> **MATERIAL PROVIDED**:
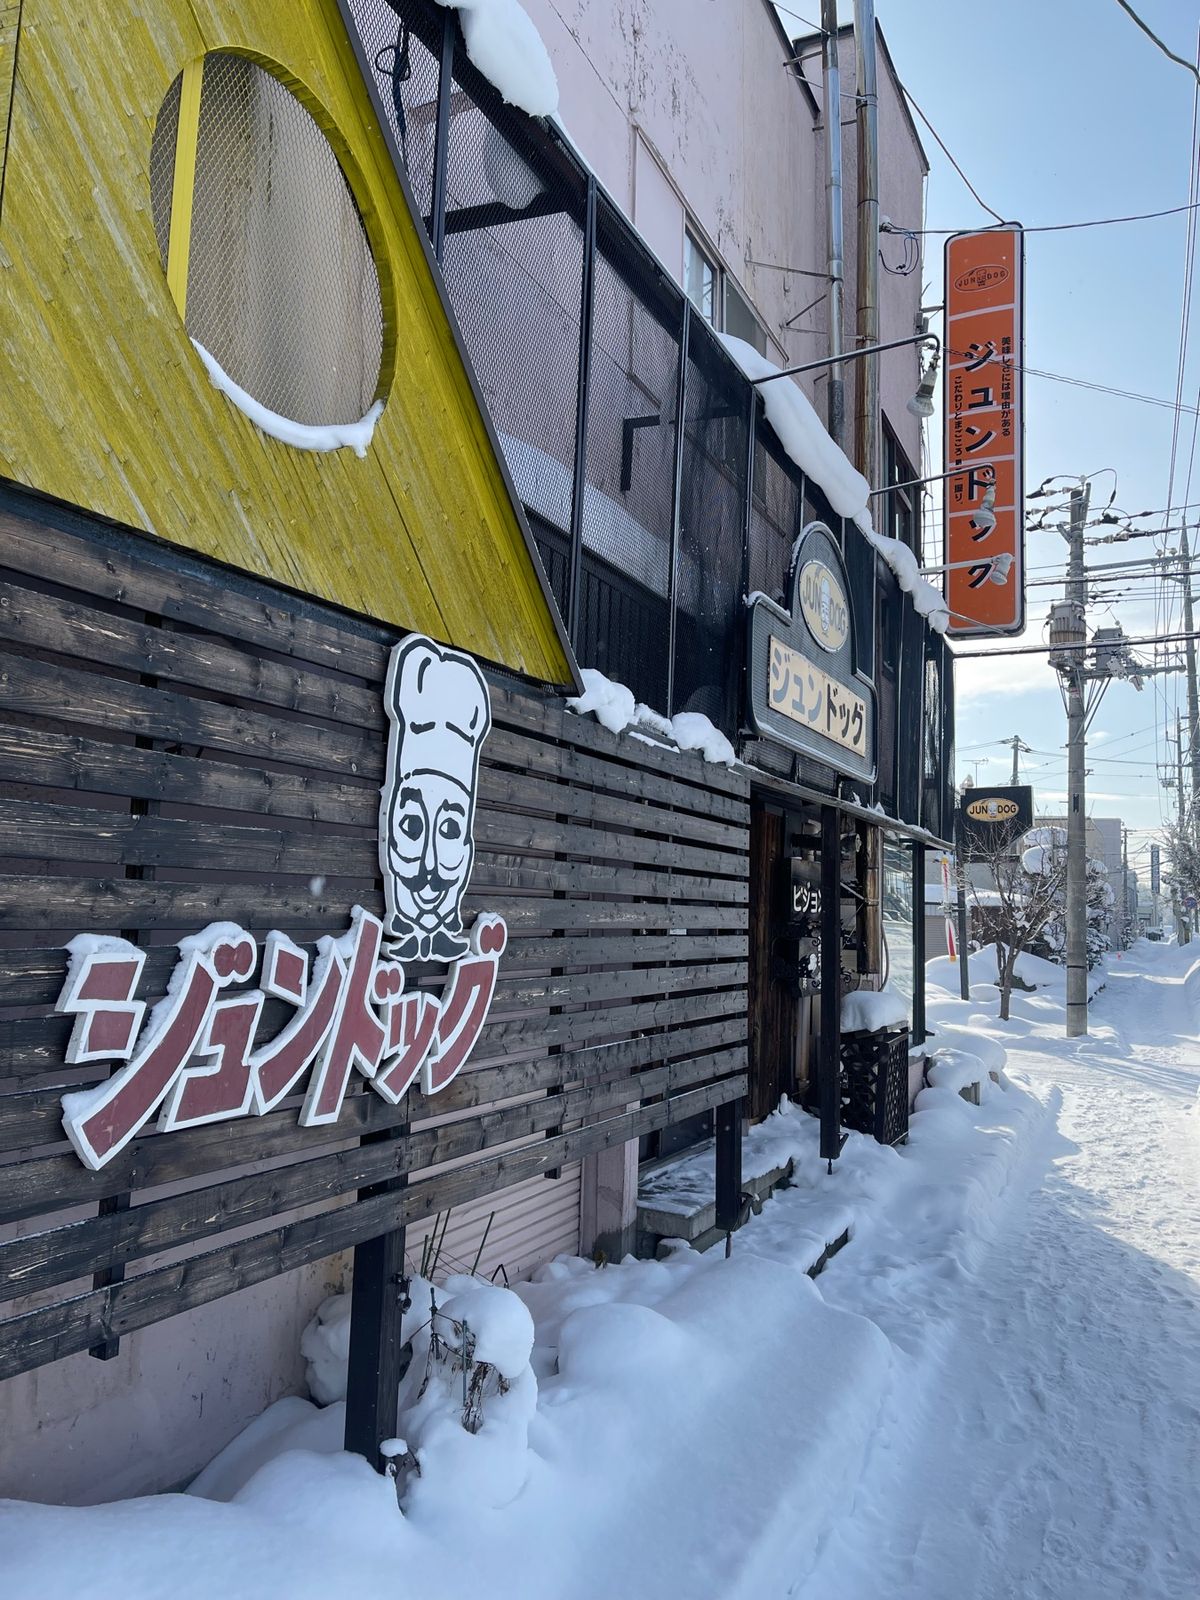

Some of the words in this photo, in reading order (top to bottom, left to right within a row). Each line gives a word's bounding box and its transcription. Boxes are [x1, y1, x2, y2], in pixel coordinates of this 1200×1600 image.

[958, 277, 976, 287] JUN
[803, 574, 821, 617] JUN
[829, 597, 845, 637] DOG
[771, 647, 864, 746] ジュンドッグ
[969, 804, 988, 815] JUN
[997, 804, 1017, 814] DOG
[56, 907, 508, 1171] ジュンドッグ

> **WHAT THE TASK REQUIRES**: Make an exact copy of the listing. Do not carry over its pictures.

> **ANSWER TO THIS EXERCISE**:
Some of the words in this photo, in reading order (top to bottom, left to right within a row). Each line gives a word's bounding box and its transcription. Boxes are [x1, y1, x2, y2], in pixel coordinates of this 1200×1600 image.

[958, 277, 976, 287] JUN
[803, 574, 821, 617] JUN
[829, 597, 845, 637] DOG
[771, 647, 864, 746] ジュンドッグ
[969, 804, 988, 815] JUN
[997, 804, 1017, 814] DOG
[56, 907, 508, 1171] ジュンドッグ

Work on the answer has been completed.